6.2 Knowledge. All representations set forth in Section 6.1 that are made to the knowledge of WWP Sponsor, shall be deemed mean the actual, present, conscious knowledge of Xxxxx X. Xxxxxx, Xxx Xxxxxxxx and Xxxx Xxxxxxxxxx (collectively, the “WWP Sponsor Knowledge Individual”), without any such individual having any duty or obligation to make an independent inquiry or investigation, other than that which would be usual and customary to expect that a person having a similar management capacity would undoubtedly inquire or investigate in preparing its due diligence materials with respect to a transaction of this nature. Any reference to WWP Sponsor’s “receipt” of language similar thereto of notices or other written documents shall mean the actual receipt of the same by the WWP Sponsor Knowledge Individual. Neither the actual, present, conscious knowledge of any other individual or entity, nor the constructive knowledge of the WWP Sponsor Knowledge Individual or of any other individual or entity, shall be imputed to the WWP Sponsor Knowledge Individual. In no event shall Investor be entitled to assert any cause of action against WWP Sponsor Knowledge Individual nor shall WWP Sponsor Knowledge Individual have any personal liability whatsoever for any matter under or related to this Agreement.

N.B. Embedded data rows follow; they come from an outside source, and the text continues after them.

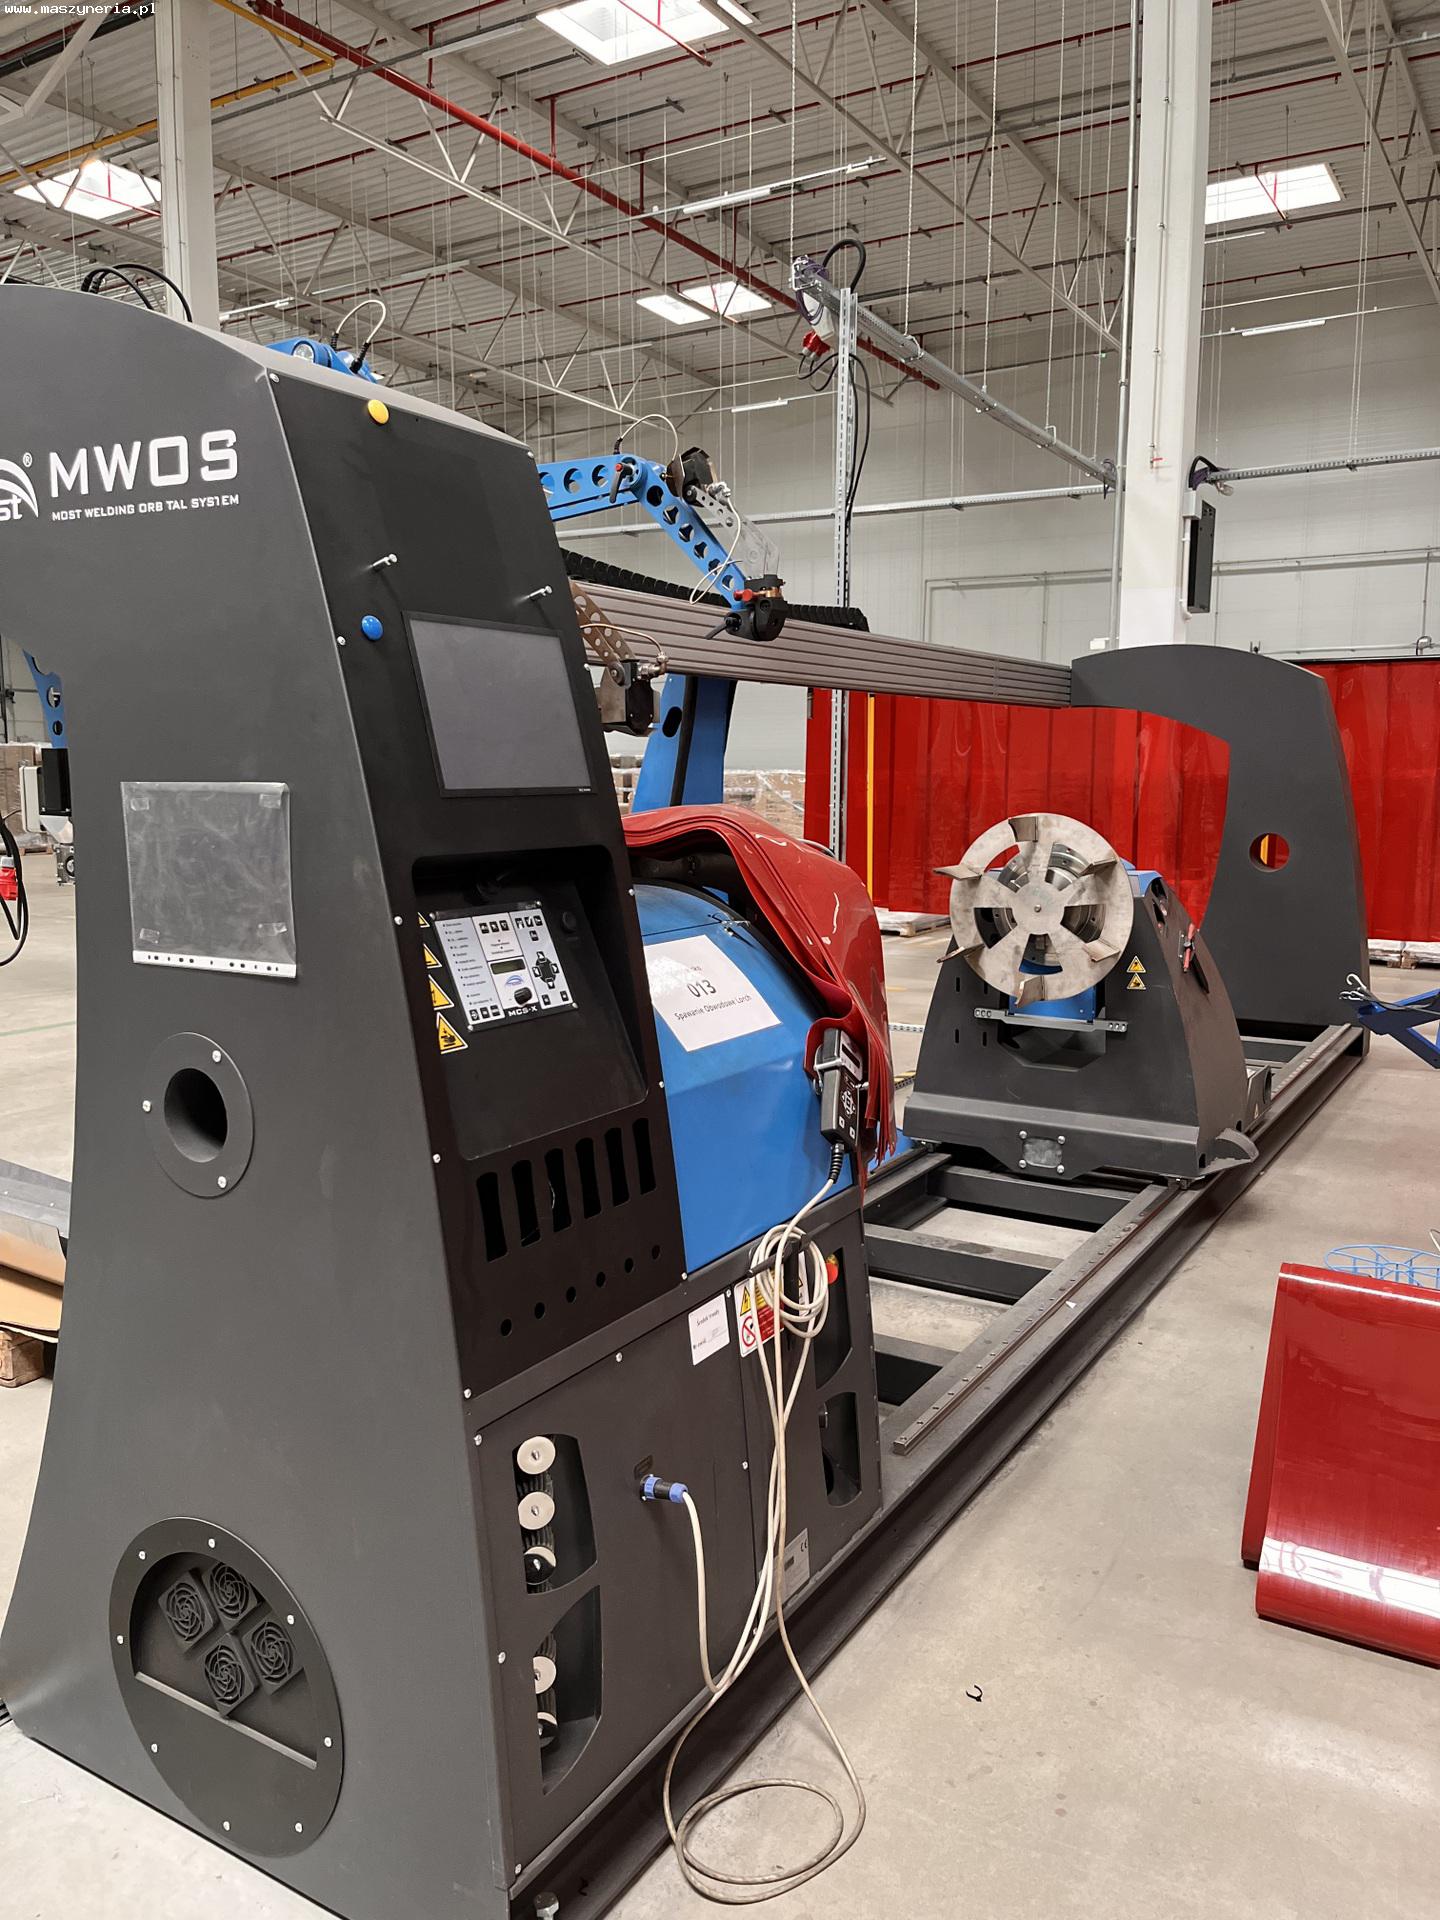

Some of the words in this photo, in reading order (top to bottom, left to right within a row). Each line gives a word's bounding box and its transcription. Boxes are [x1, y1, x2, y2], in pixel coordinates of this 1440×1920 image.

[49, 429, 239, 498] MWOS
[52, 509, 83, 522] MOST
[85, 503, 135, 518] WELDING
[686, 979, 717, 998] 013
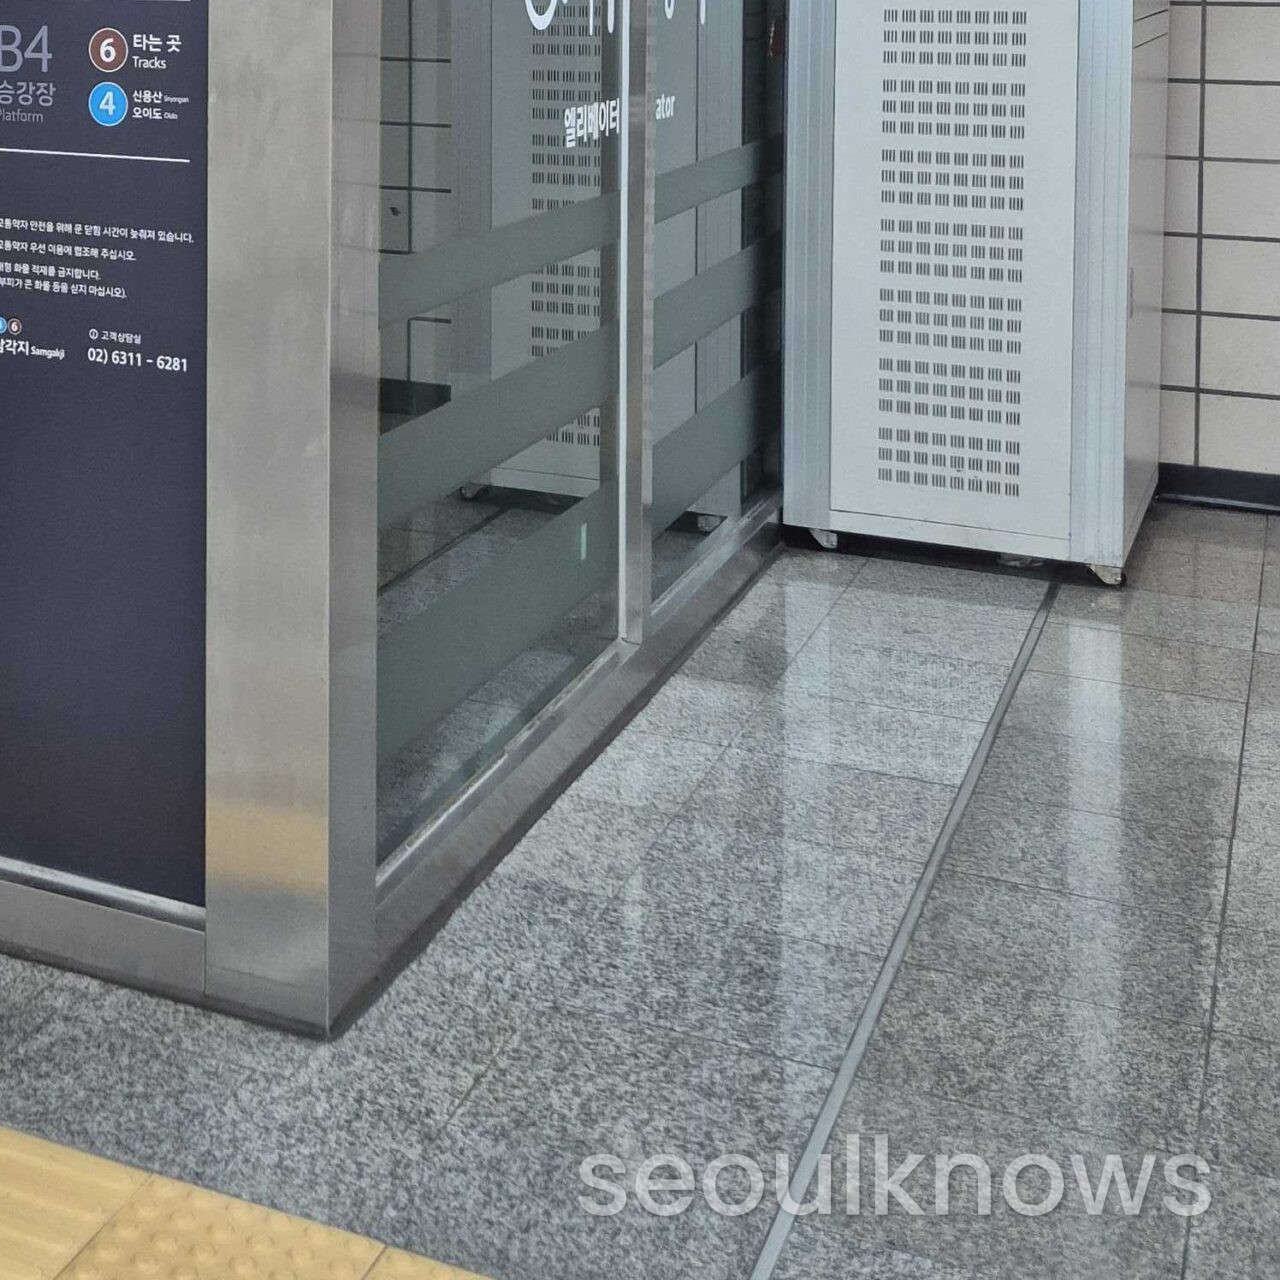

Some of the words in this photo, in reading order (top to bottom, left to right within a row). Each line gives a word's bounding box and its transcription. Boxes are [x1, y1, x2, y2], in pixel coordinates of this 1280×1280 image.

[99, 37, 117, 63] 6
[132, 34, 163, 52] 타는
[166, 34, 182, 53] 곳
[132, 55, 167, 69] Tracks
[99, 90, 116, 116] 4
[132, 90, 163, 103] 신용산
[132, 107, 163, 120] 오이도
[564, 97, 620, 149] 엘리베이터
[29, 220, 54, 233] 안전을
[55, 222, 73, 234] 위해
[74, 223, 83, 235] 문
[84, 224, 101, 237] 닫힘
[102, 225, 129, 239] 시간이
[157, 230, 195, 244] 있습니다.
[29, 242, 46, 254] 우선
[48, 243, 73, 256] 이용에
[57, 266, 101, 280] 금지합니다.
[24, 278, 33, 289] 큰
[52, 280, 68, 293] 등을
[101, 330, 142, 344] 고객상담실
[31, 346, 65, 360] Samgakji
[87, 347, 108, 364] 02)
[111, 351, 142, 367] 6311
[156, 355, 188, 372] 6281

6.3 Pre-Closing Misrepresentation.
(a) WWP Sponsor and Investor hereby agree that in the event Investor has actual knowledge of, at the time of or prior to Closing, any fact, information or circumstance which renders any representation made by WWP Sponsor in Section 6.1 false or inaccurate so as to have a Material Adverse Effect, Investor shall, on or before the date which is the earlier to occur of (1) ten (10) days after Investor first has knowledge of the misrepresentation or (2) the Closing Date, send a written notice to WWP Sponsor, and WWP Sponsor shall have the right to adjourn the Closing for up to thirty (30) days to cure such misrepresentation. If WWP Sponsor shall fail to cure such misrepresentation within such period, then, subject to the limitations set forth in Section 6.5 below, Investor shall have the right to terminate this Agreement, in which event (i) the Deposit shall be returned to Investor, (ii) Investor shall be entitled to be reimbursed by WWP Sponsor the reasonable, out-of-pocket costs and expenses actually incurred by Investor in connection with the transactions contemplated by this Agreement, including the cost of a 314 audit and reasonable legal fees and expenses (but in no event shall such amount exceed $750,000.00 in the aggregate), and (iii) the parties shall have no further obligations hereunder except for the Surviving Obligations.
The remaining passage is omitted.